Govt Share Capital in JKSFC to be increased to `500 crore

Govt Share Capital in JKSFC to be increased to `500 crore

SRINAGAR: The Government on Thursday approved to enhance authorized Share Capital in favour of the Jammu and Kashmir State Financial Corporation (JKSFC) to Rs 500 crore from the existing Rs 100 crore limit, with the corporation asked to increase its capital share by exploring possibilities of issuing fresh bond series, after due credit analysis by a credible rating agency.
This was disclosed by Minister for Finance and Ladakh Affairs, Abdul Rahim Rather, who is also Chairman of Corporation during 54th Annual General Meeting (AGM)of the corporation held at Banquet Hall, Srinagar.
He informed the AGM of the shareholders that the Corporation has made a headway in the direction of restoration of refinance from SIDBI adding that the Corporation has also been nominated as a channelizing agency of National Minorities Development Corporation ( NMDC) to provide fund support to the minority community on easy terms. “Both these initiatives will enable the Corporation to take in hand the funding activity of MSME and micro enterprises on a fast track basis to give boost to the creation of employment opportunities for the youth of the state,” Rather added.
Rather said that after facing the worst financial crisis for about two decades, the Corporation has once again transformed into a credible financial institution with it present net worth standing at Rs 25.24 crore against a negative of Rs 104.58 crore in 2010.

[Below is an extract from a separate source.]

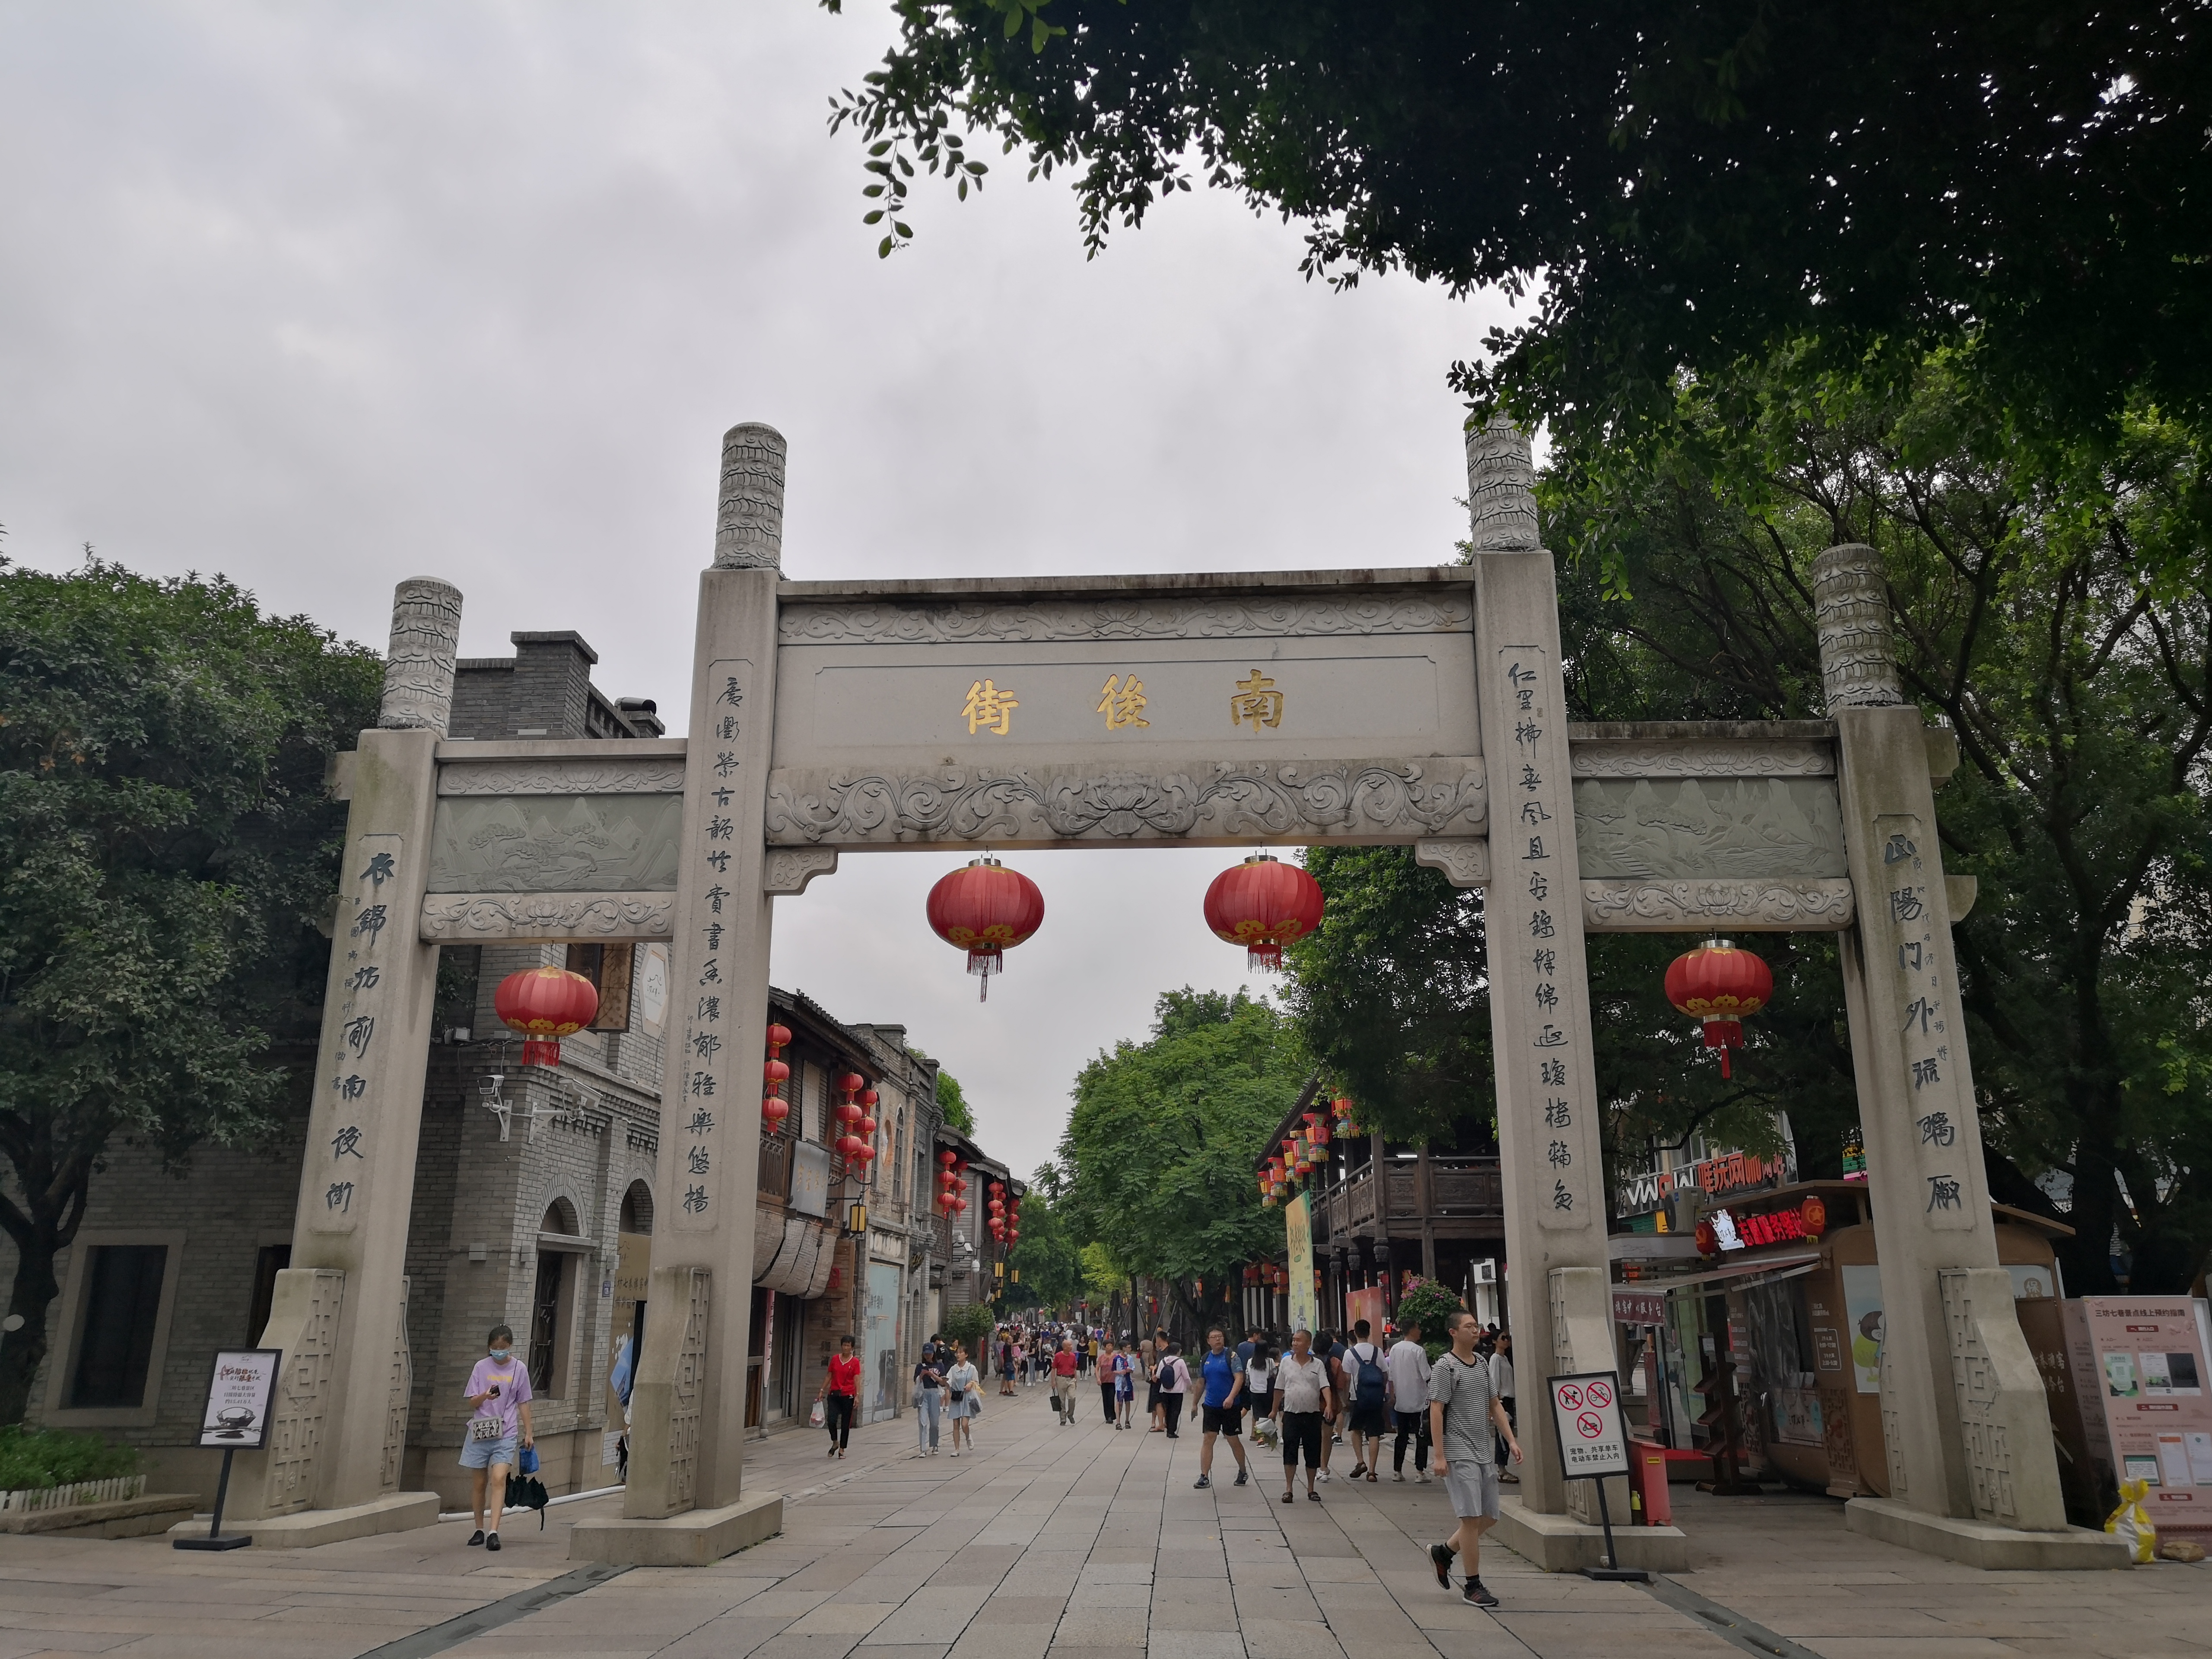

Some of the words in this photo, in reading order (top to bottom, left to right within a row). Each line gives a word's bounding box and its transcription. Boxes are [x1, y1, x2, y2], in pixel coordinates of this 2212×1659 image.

[2095, 1309, 2186, 1317] 三坊七巷景点线上预约指南
[1570, 1444, 1618, 1455] 宠物、共享单车
[1571, 1452, 1620, 1463] 电动车禁止入内

He said the corporation has settled its outstanding liabilities that swelled to Rs 176.99 crore with SIDBI and other bond holders leaving behind a liability of just Rs seven crore , which is expected to be cleared shortly. He said plans are now afoot to penetrate the funding business in the MSME and allied sectors in an aggressive manner.
Rather said that the Corporation has registered a profit of Rs 407.23 lakhs during 2013-14 as against a profit of only Rs 78 lakh during the previous year despite the fact that the Corporation had to meet the liability of Rs 104.58 lakh pertaining to the previous year.
He said though the Corporation has no line of credit available at the moment, it has been able to continue with its lending activity from out of its internal revenue generation comprising of recoveries only adding that the Corporation has sanctioned loans to the tune of Rs 20.65 cr and disbursed loans amounting to Rs 11.31 cr with recoveries aggregating to Rs 19.55 cr during 2013-14.
Rather said as a result of continuous monitoring and follow-up, the standard portfolio of the Corporation has reached Rs. 33.53 crore by the end of March this year as compared to Rs. 12.93 crore on March 2011. He said the NPA management in the current sector is very effective and is being monitored very tightly by the Board of Directors adding that the fresh loans are not allowed to slip into NPAs. Simultaneously the Corporation makes every effort to reduce old NPAs through various measures including settlement under DRC mandate, auction of mortgaged un-revivable assets and also filing of recovery suites in respect of hard-core defaulters
After holding threadbare discussion, the AGM of the share holders of the corporation adopted the balance sheet and profit and loss account for the year 2013-14 along with the 54th Annual report of the Board of Directors on the working of the corporation.
Besides, share holders and members of the Management, the Economic Advisor to the Government, Jalil Ahmed Khan, Principal Secretary, Finance, B. B. Vyas, MD Farooq Ahmed Thokar, DGMs Mohammad Rafique and Nazir Ahmed Bhat, Chief Manager Showkat Ahmed, some leading entrepreneurs of state including Syed Shakeel Qalander, Ghulam Jeelani Ahenger, Afaq Qaidri, M. Y. Tickoo and Owais Sami.